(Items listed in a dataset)
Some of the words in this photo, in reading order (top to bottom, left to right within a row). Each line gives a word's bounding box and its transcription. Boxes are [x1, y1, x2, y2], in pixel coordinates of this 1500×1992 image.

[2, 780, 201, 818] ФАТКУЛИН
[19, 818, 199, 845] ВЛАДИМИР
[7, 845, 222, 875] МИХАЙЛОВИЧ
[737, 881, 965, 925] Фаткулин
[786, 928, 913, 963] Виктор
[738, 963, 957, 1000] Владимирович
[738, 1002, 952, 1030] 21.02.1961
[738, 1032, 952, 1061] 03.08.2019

* **Task**
Reproduce all the data word for word.

* **Task response**
Some of the words in this photo, in reading order (top to bottom, left to right within a row). Each line gives a word's bounding box and its transcription. Boxes are [x1, y1, x2, y2], in pixel coordinates of this 1500×1992 image.

[2, 780, 201, 818] ФАТКУЛИН
[19, 818, 199, 845] ВЛАДИМИР
[7, 845, 222, 875] МИХАЙЛОВИЧ
[737, 881, 965, 925] Фаткулин
[786, 928, 913, 963] Виктор
[738, 963, 957, 1000] Владимирович
[738, 1002, 952, 1030] 21.02.1961
[738, 1032, 952, 1061] 03.08.2019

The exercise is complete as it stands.